▶ [Input data]
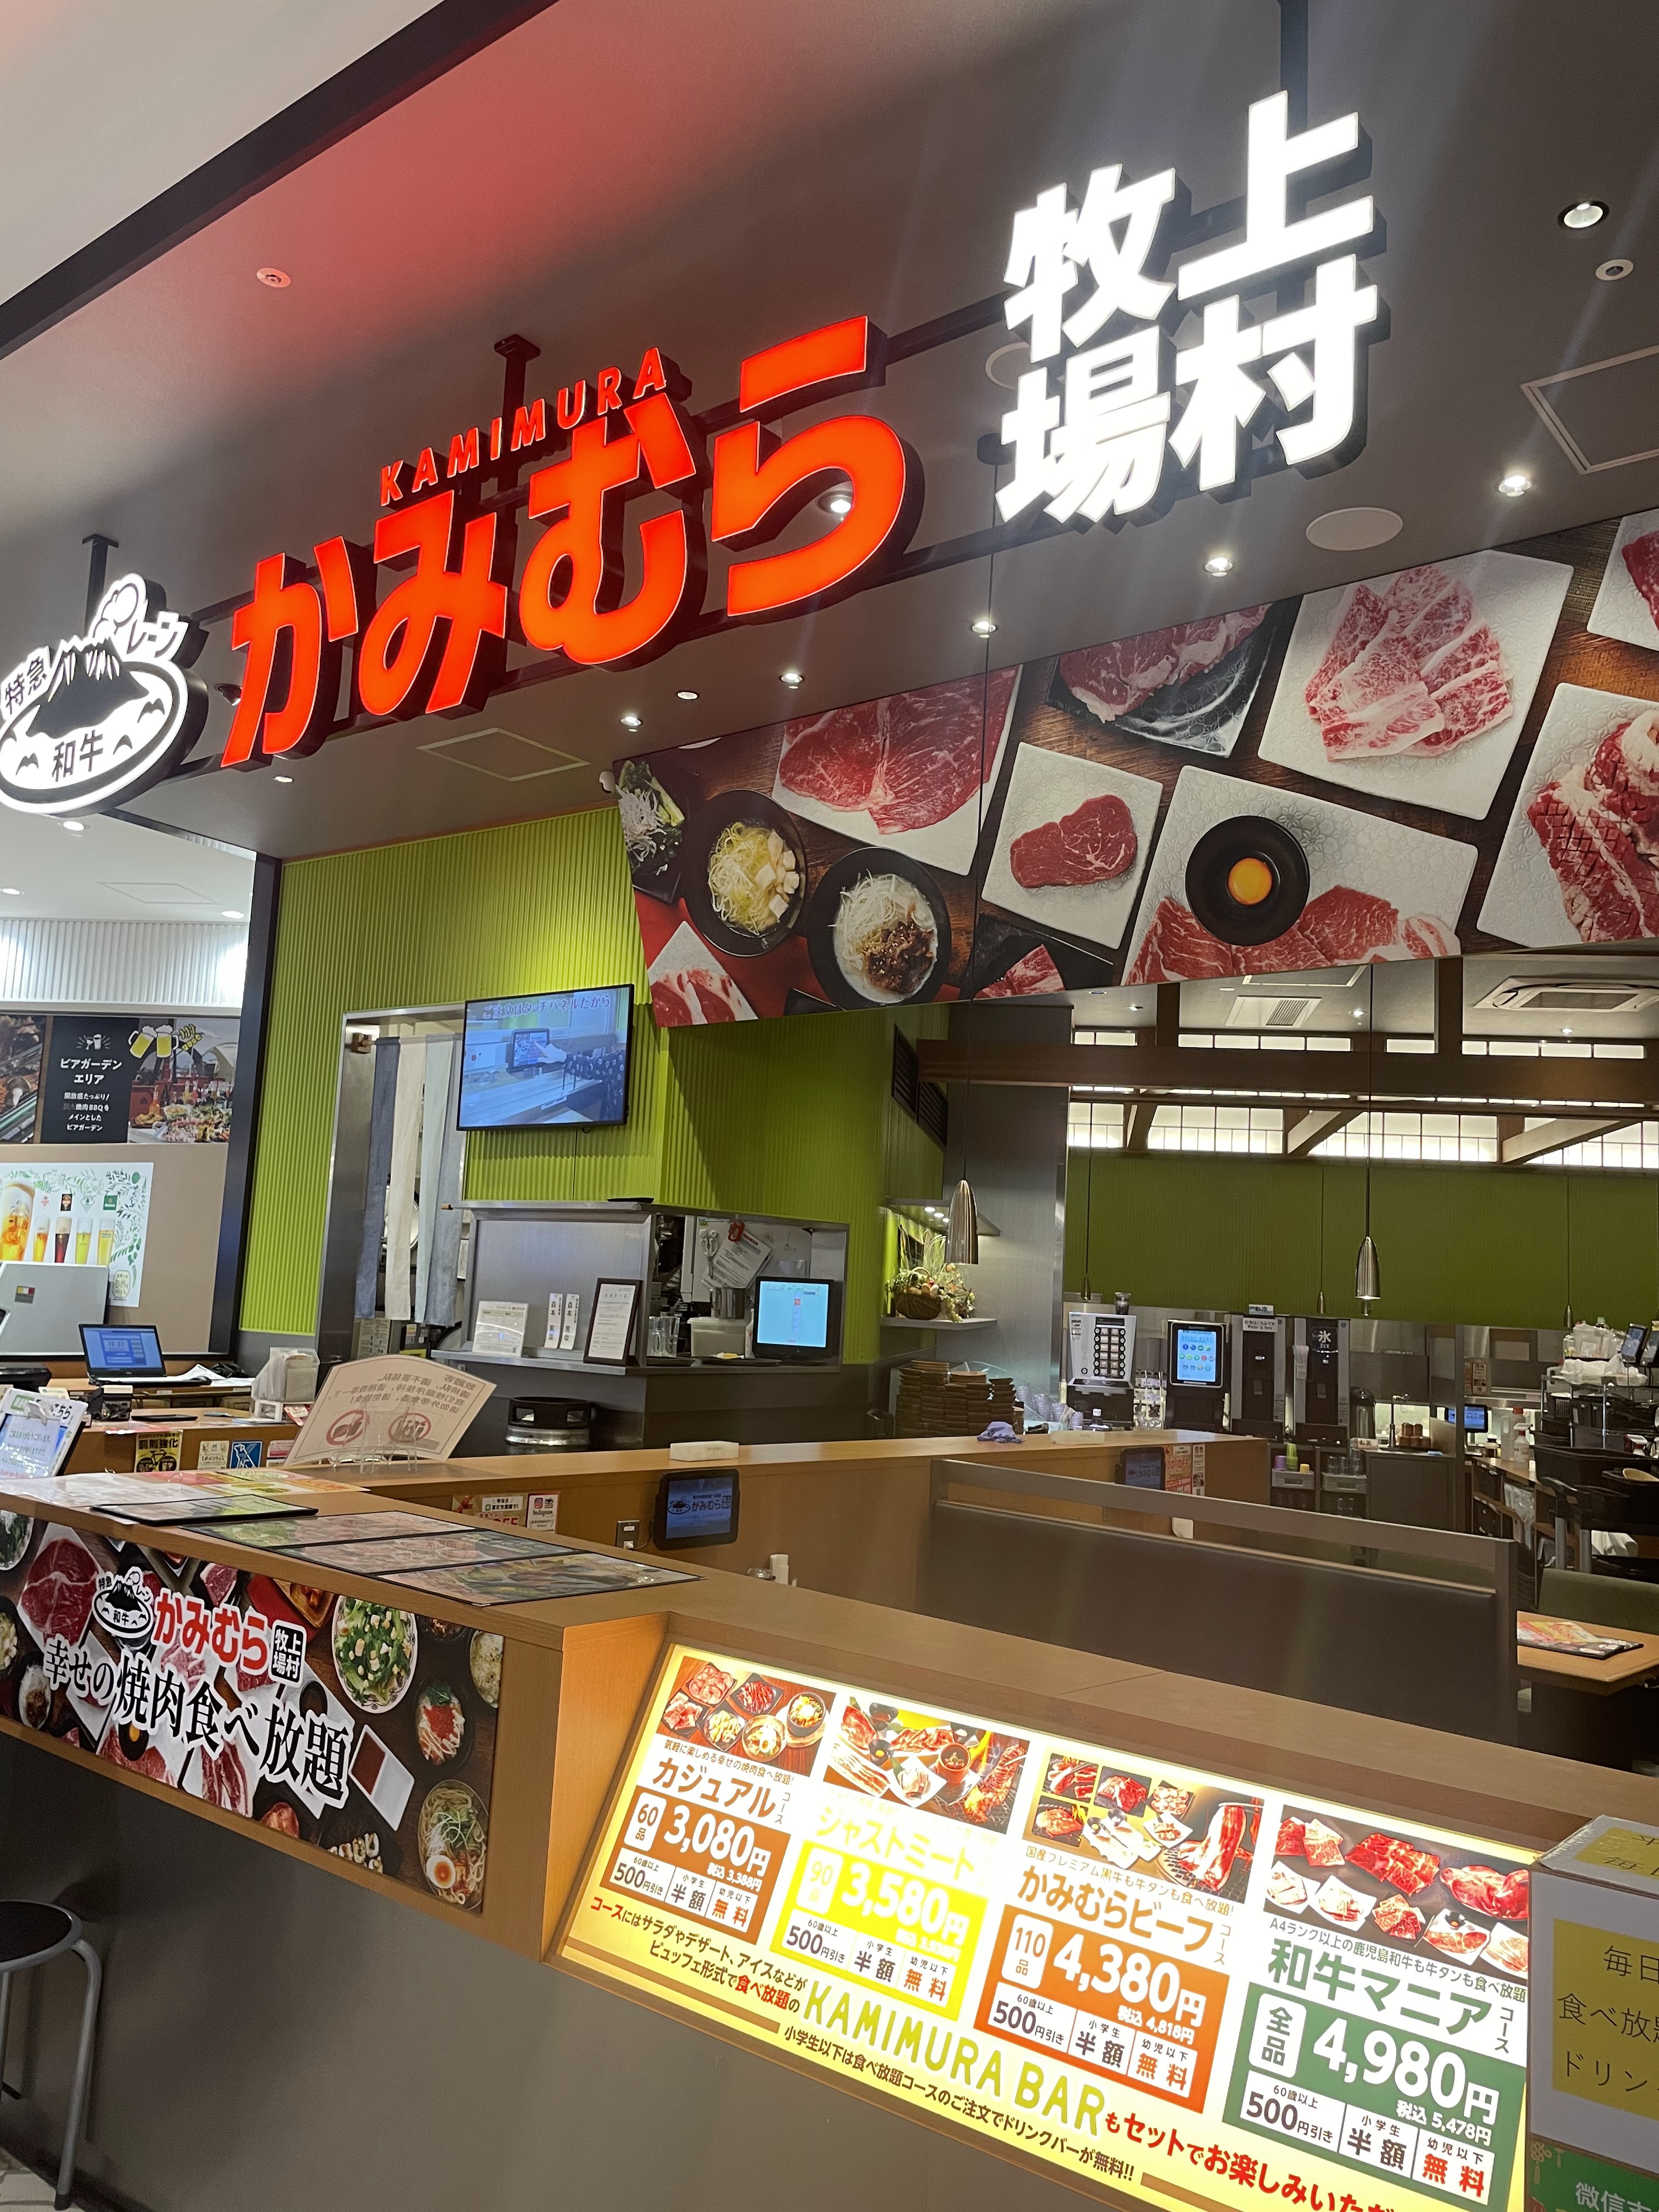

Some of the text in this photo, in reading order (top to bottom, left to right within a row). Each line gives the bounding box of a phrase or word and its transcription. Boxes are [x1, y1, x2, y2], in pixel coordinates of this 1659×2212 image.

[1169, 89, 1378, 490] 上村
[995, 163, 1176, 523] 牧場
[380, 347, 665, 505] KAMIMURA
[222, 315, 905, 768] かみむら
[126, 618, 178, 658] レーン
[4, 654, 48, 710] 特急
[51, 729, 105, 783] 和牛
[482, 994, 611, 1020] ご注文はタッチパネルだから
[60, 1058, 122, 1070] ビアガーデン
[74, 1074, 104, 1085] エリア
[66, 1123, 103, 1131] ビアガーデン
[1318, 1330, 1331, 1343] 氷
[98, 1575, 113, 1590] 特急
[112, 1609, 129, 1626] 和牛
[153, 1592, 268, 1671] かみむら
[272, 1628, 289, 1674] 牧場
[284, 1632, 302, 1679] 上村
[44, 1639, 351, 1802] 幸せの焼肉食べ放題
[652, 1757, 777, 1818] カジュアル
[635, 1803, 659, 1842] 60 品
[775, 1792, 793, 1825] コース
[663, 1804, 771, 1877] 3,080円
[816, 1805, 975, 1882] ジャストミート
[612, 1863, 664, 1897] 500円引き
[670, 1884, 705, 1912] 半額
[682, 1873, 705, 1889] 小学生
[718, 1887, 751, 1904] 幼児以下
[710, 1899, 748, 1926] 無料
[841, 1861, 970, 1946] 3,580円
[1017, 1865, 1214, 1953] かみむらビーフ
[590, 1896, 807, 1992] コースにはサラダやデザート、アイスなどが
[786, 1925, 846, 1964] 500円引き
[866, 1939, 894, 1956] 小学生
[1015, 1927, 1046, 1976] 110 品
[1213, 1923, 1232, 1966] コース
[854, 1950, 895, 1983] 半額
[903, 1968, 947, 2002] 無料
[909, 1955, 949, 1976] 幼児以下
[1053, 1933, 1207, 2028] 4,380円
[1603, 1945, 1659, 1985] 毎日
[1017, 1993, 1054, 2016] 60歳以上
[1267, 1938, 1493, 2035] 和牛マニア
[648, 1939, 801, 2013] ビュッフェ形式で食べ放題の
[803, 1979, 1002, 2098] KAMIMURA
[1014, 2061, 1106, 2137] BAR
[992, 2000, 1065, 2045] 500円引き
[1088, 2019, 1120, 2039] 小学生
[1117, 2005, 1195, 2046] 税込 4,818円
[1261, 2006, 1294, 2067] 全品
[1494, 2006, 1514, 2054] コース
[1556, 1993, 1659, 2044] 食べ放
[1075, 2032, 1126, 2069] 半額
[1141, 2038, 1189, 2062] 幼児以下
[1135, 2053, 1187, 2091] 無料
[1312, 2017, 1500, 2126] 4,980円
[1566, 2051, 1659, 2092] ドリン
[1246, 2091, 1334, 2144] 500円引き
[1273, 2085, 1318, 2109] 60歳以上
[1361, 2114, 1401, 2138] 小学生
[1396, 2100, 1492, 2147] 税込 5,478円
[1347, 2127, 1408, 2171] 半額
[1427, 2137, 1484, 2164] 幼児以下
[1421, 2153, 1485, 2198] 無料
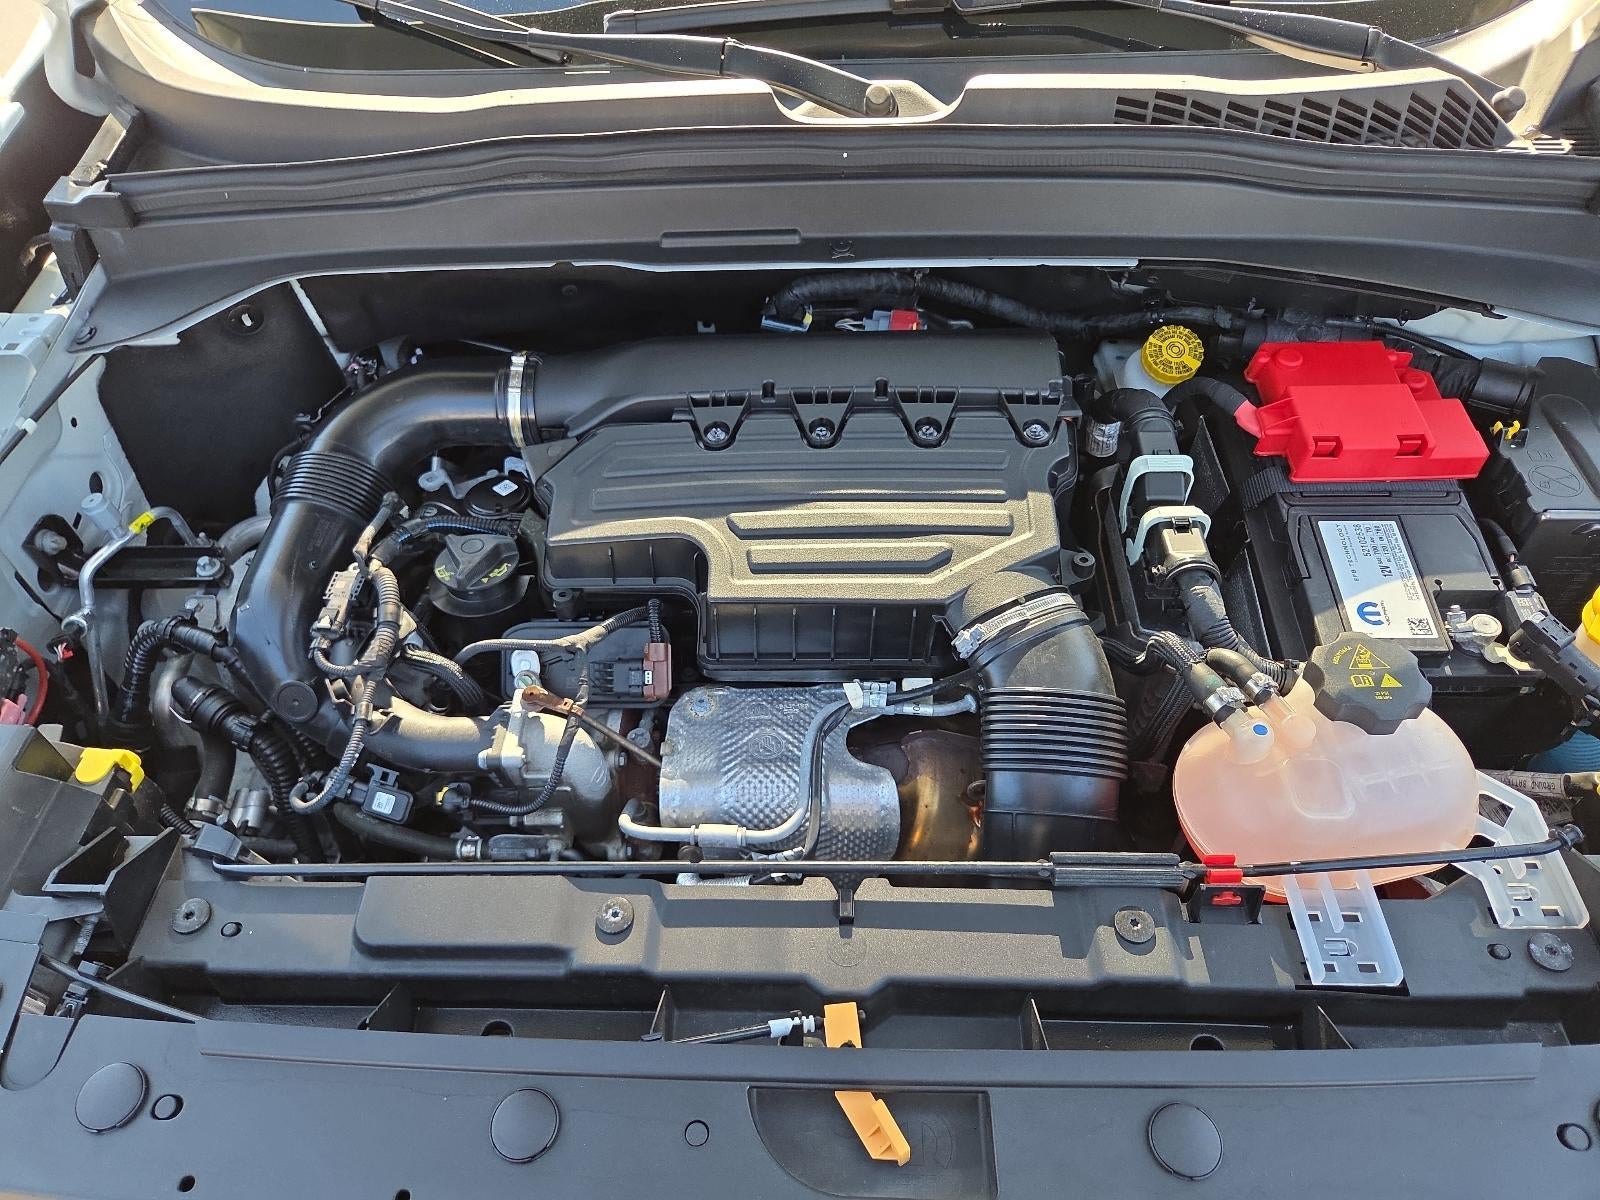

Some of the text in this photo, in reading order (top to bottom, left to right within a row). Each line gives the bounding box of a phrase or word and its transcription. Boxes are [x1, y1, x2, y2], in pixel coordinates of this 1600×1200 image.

▶ [How to complete this task] An exact copy of all the lines above is required, with the pictures removed.

▶ [Answer area]
Some of the text in this photo, in reading order (top to bottom, left to right within a row). Each line gives the bounding box of a phrase or word and its transcription. Boxes are [x1, y1, x2, y2], in pixel coordinates of this 1659×2212 image.

[1169, 89, 1378, 490] 上村
[995, 163, 1176, 523] 牧場
[380, 347, 665, 505] KAMIMURA
[222, 315, 905, 768] かみむら
[126, 618, 178, 658] レーン
[4, 654, 48, 710] 特急
[51, 729, 105, 783] 和牛
[482, 994, 611, 1020] ご注文はタッチパネルだから
[60, 1058, 122, 1070] ビアガーデン
[74, 1074, 104, 1085] エリア
[66, 1123, 103, 1131] ビアガーデン
[1318, 1330, 1331, 1343] 氷
[98, 1575, 113, 1590] 特急
[112, 1609, 129, 1626] 和牛
[153, 1592, 268, 1671] かみむら
[272, 1628, 289, 1674] 牧場
[284, 1632, 302, 1679] 上村
[44, 1639, 351, 1802] 幸せの焼肉食べ放題
[652, 1757, 777, 1818] カジュアル
[635, 1803, 659, 1842] 60 品
[775, 1792, 793, 1825] コース
[663, 1804, 771, 1877] 3,080円
[816, 1805, 975, 1882] ジャストミート
[612, 1863, 664, 1897] 500円引き
[670, 1884, 705, 1912] 半額
[682, 1873, 705, 1889] 小学生
[718, 1887, 751, 1904] 幼児以下
[710, 1899, 748, 1926] 無料
[841, 1861, 970, 1946] 3,580円
[1017, 1865, 1214, 1953] かみむらビーフ
[590, 1896, 807, 1992] コースにはサラダやデザート、アイスなどが
[786, 1925, 846, 1964] 500円引き
[866, 1939, 894, 1956] 小学生
[1015, 1927, 1046, 1976] 110 品
[1213, 1923, 1232, 1966] コース
[854, 1950, 895, 1983] 半額
[903, 1968, 947, 2002] 無料
[909, 1955, 949, 1976] 幼児以下
[1053, 1933, 1207, 2028] 4,380円
[1603, 1945, 1659, 1985] 毎日
[1017, 1993, 1054, 2016] 60歳以上
[1267, 1938, 1493, 2035] 和牛マニア
[648, 1939, 801, 2013] ビュッフェ形式で食べ放題の
[803, 1979, 1002, 2098] KAMIMURA
[1014, 2061, 1106, 2137] BAR
[992, 2000, 1065, 2045] 500円引き
[1088, 2019, 1120, 2039] 小学生
[1117, 2005, 1195, 2046] 税込 4,818円
[1261, 2006, 1294, 2067] 全品
[1494, 2006, 1514, 2054] コース
[1556, 1993, 1659, 2044] 食べ放
[1075, 2032, 1126, 2069] 半額
[1141, 2038, 1189, 2062] 幼児以下
[1135, 2053, 1187, 2091] 無料
[1312, 2017, 1500, 2126] 4,980円
[1566, 2051, 1659, 2092] ドリン
[1246, 2091, 1334, 2144] 500円引き
[1273, 2085, 1318, 2109] 60歳以上
[1361, 2114, 1401, 2138] 小学生
[1396, 2100, 1492, 2147] 税込 5,478円
[1347, 2127, 1408, 2171] 半額
[1427, 2137, 1484, 2164] 幼児以下
[1421, 2153, 1485, 2198] 無料

Some of the text in this photo, in reading order (top to bottom, left to right within a row). Each line gives the bounding box of a phrase or word and its transcription. Boxes are [x1, y1, x2, y2], in pixel coordinates of this 1600×1200 image.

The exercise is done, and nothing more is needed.